_Task instructions_.
Pictures should be excluded; otherwise, copy every entry exactly.

_Saved entries_.
* * *
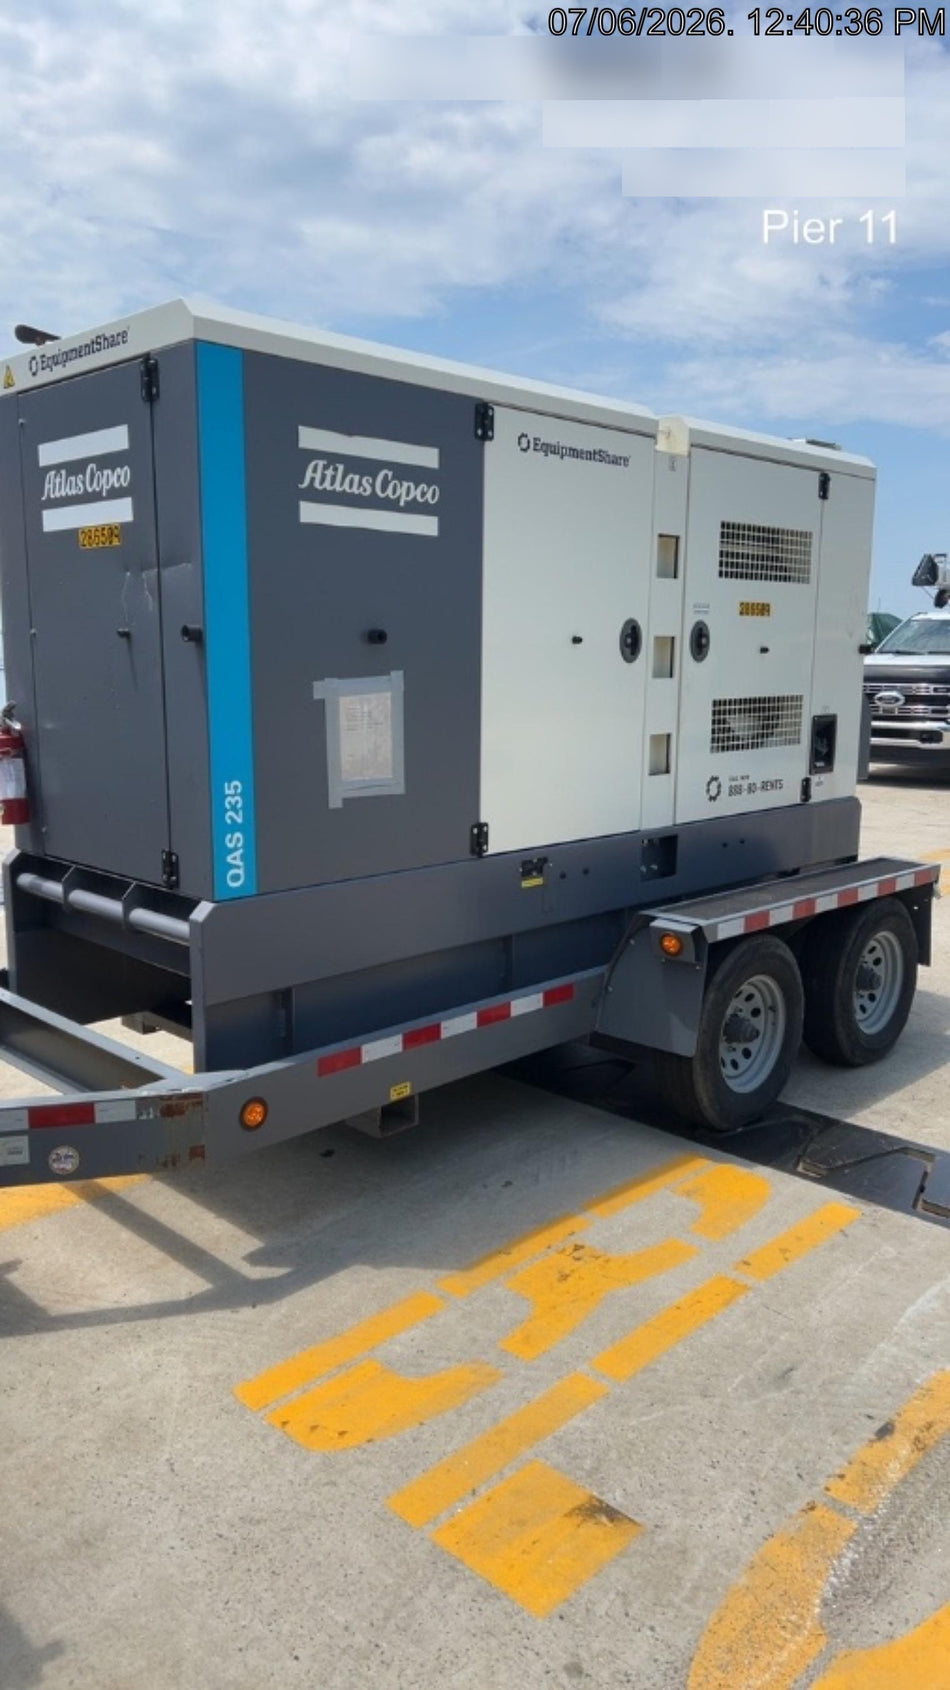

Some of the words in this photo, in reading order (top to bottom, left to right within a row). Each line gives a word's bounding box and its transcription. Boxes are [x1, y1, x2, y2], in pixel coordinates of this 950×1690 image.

[40, 329, 129, 372] EquipmentShare
[532, 436, 630, 468] EquipmentShare
[41, 468, 84, 501] Atlas
[85, 463, 131, 497] Copco
[298, 459, 373, 496] Atlas
[375, 469, 440, 507] Copco
[224, 780, 243, 824] 235
[225, 831, 245, 888] QAS
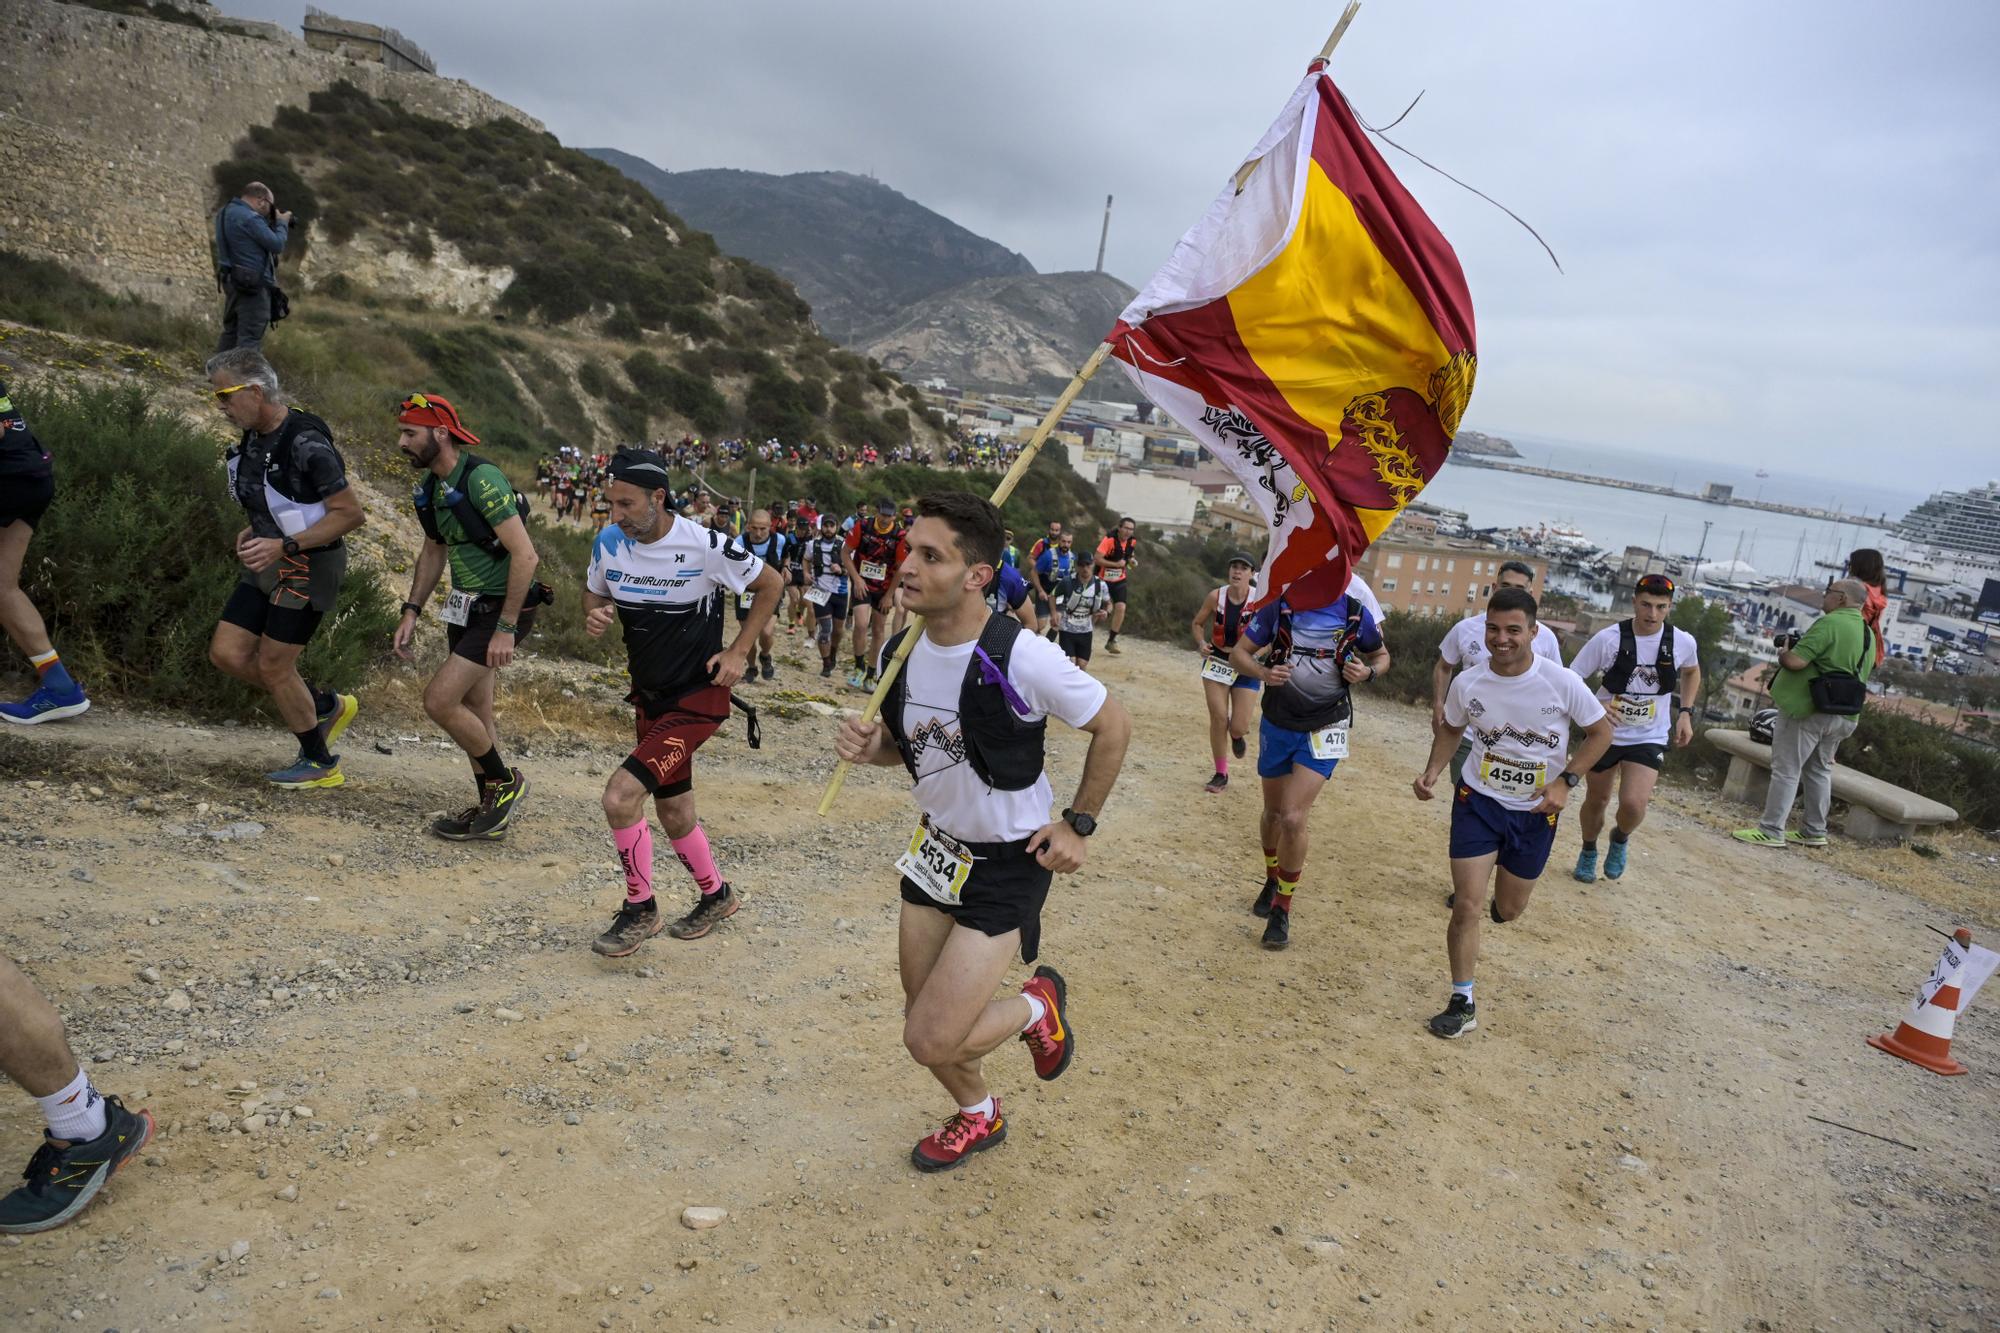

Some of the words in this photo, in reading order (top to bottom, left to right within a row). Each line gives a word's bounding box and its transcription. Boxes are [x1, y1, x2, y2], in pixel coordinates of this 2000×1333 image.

[1210, 663, 1234, 677] 2392
[1325, 732, 1346, 745] 478
[1489, 767, 1536, 787] 4549
[919, 838, 958, 883] 4534
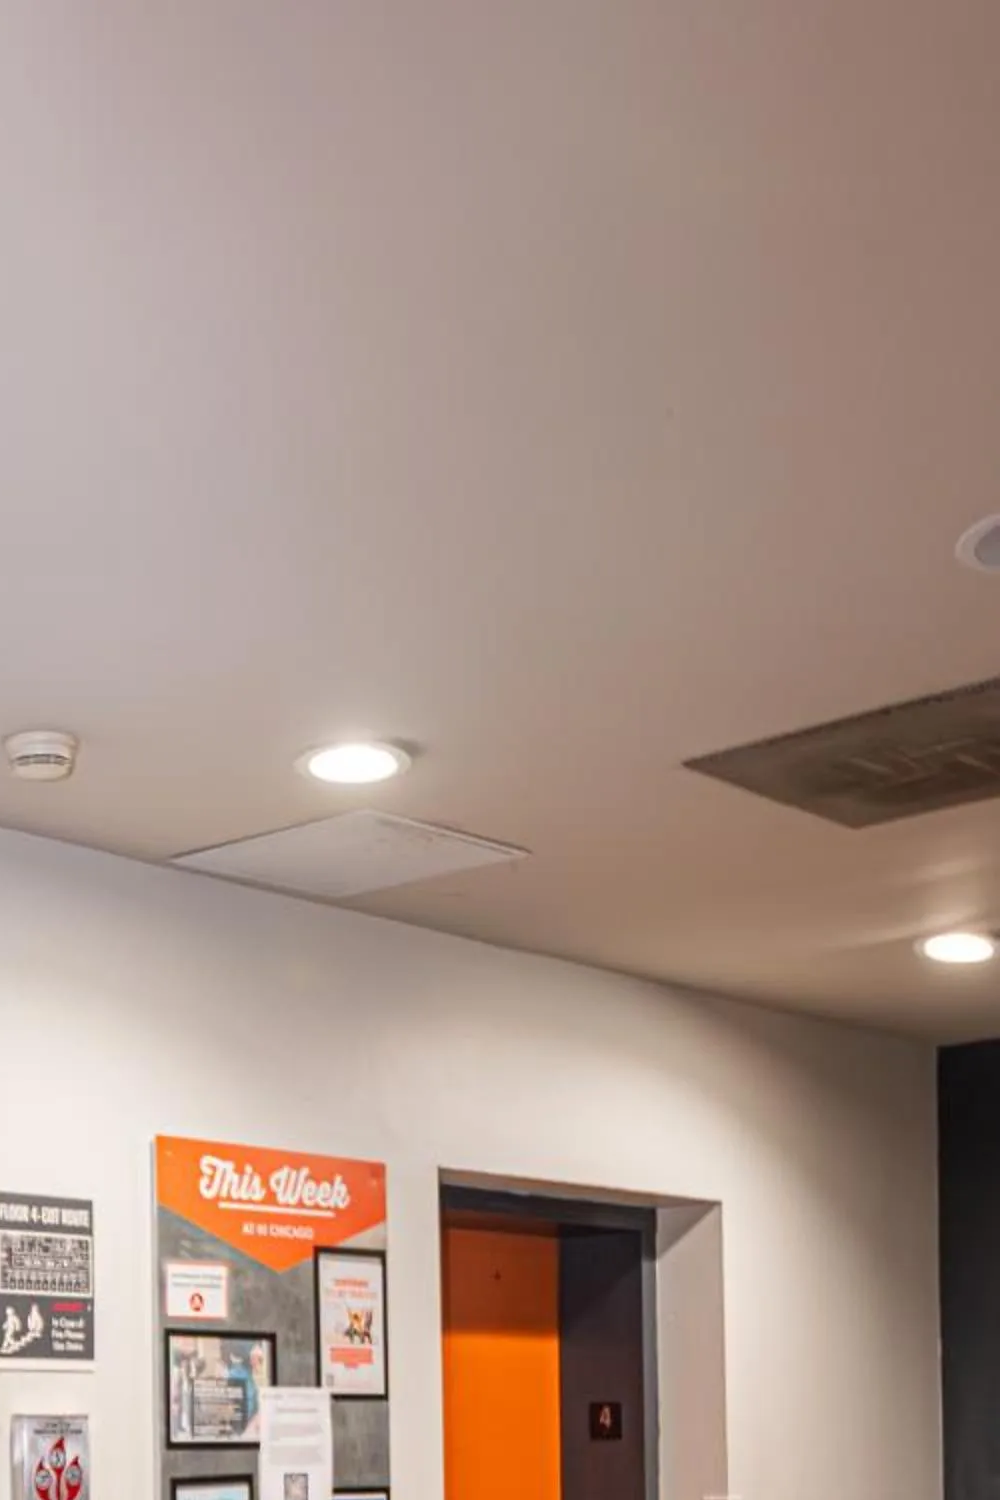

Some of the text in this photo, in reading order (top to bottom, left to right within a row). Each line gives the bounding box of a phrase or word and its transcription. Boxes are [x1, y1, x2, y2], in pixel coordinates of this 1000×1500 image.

[199, 1154, 350, 1209] This Week
[0, 1202, 28, 1222] FLOOR
[599, 1406, 611, 1429] 4
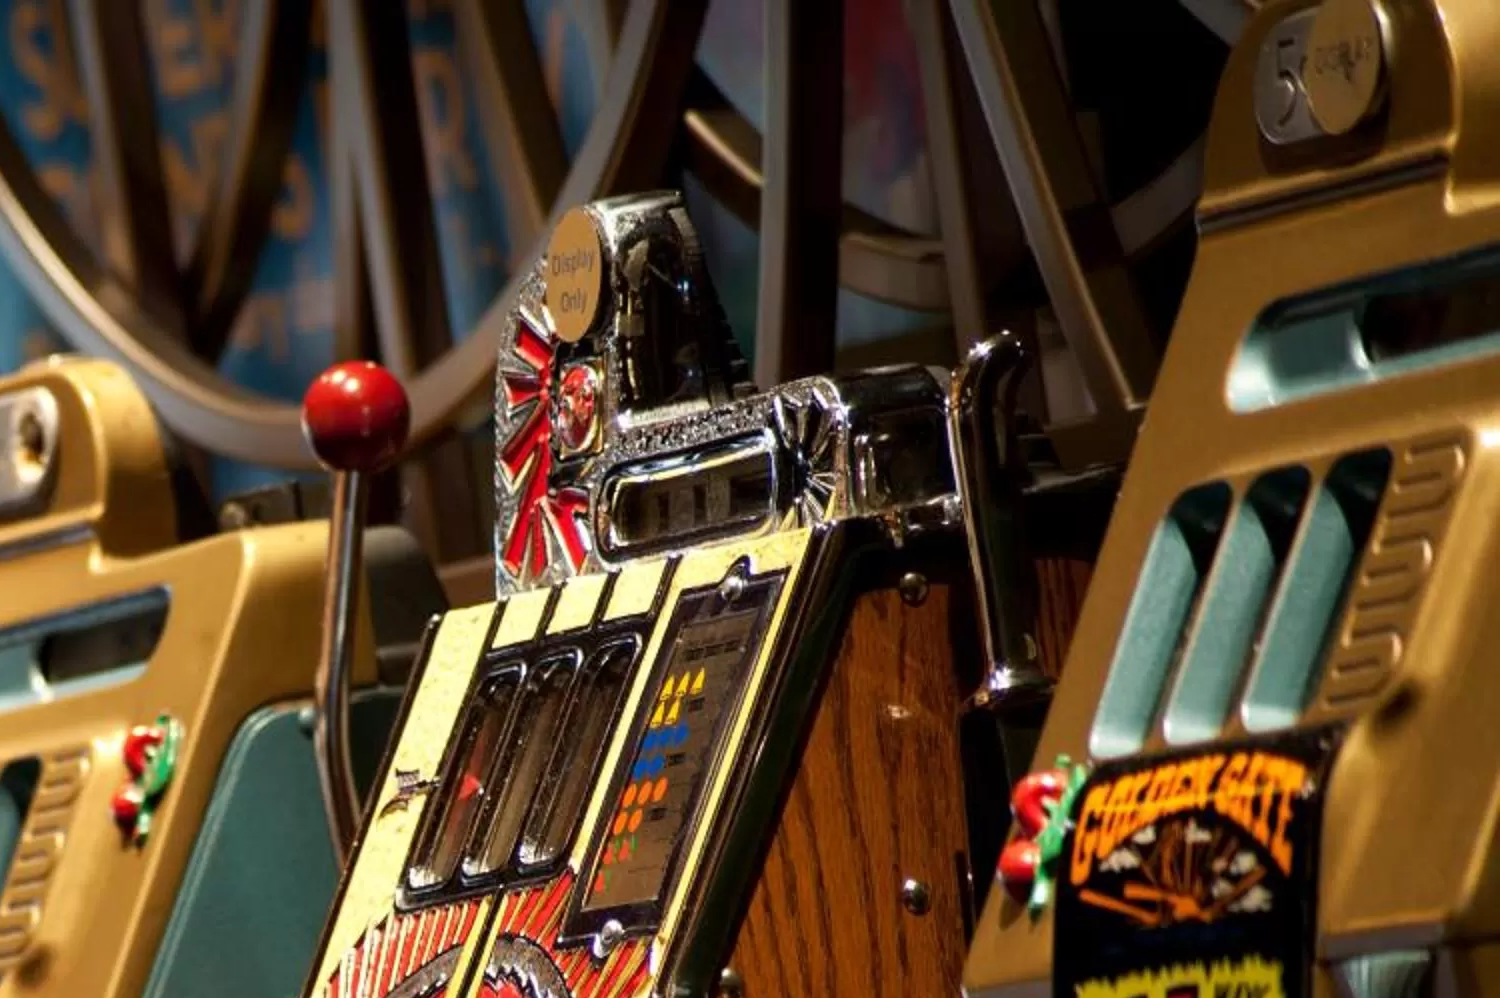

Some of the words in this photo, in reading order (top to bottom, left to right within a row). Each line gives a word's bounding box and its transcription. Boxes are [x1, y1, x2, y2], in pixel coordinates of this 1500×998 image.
* * *
_Written response_.
Some of the words in this photo, in reading order (top to bottom, left to right within a row). Each line gives a word's bounding box and its transcription. Boxes are [x1, y1, x2, y2], in pixel coordinates of this 950×1690 image.

[40, 329, 129, 372] EquipmentShare
[532, 436, 630, 468] EquipmentShare
[41, 468, 84, 501] Atlas
[85, 463, 131, 497] Copco
[298, 459, 373, 496] Atlas
[375, 469, 440, 507] Copco
[224, 780, 243, 824] 235
[225, 831, 245, 888] QAS

Some of the words in this photo, in reading order (top to bottom, left to right within a row). Each line gives a word's bounding box and its transcription. Boxes are [x1, y1, x2, y2], in pixel coordinates of this 2000×1333 image.

[1210, 663, 1234, 677] 2392
[1325, 732, 1346, 745] 478
[1489, 767, 1536, 787] 4549
[919, 838, 958, 883] 4534

Some of the text in this photo, in reading order (top to bottom, left to right within a row). Each line gives the bounding box of a phrase or word and its transcription. Boxes are [x1, y1, x2, y2], in pixel coordinates of this 1000×1500 image.

[199, 1154, 350, 1209] This Week
[0, 1202, 28, 1222] FLOOR
[599, 1406, 611, 1429] 4

Some of the words in this photo, in reading order (top to bottom, left to right within a row). Each line gives a word's bounding box and its transcription. Boxes are [x1, y1, x2, y2], in pixel coordinates of this 1500×998 image.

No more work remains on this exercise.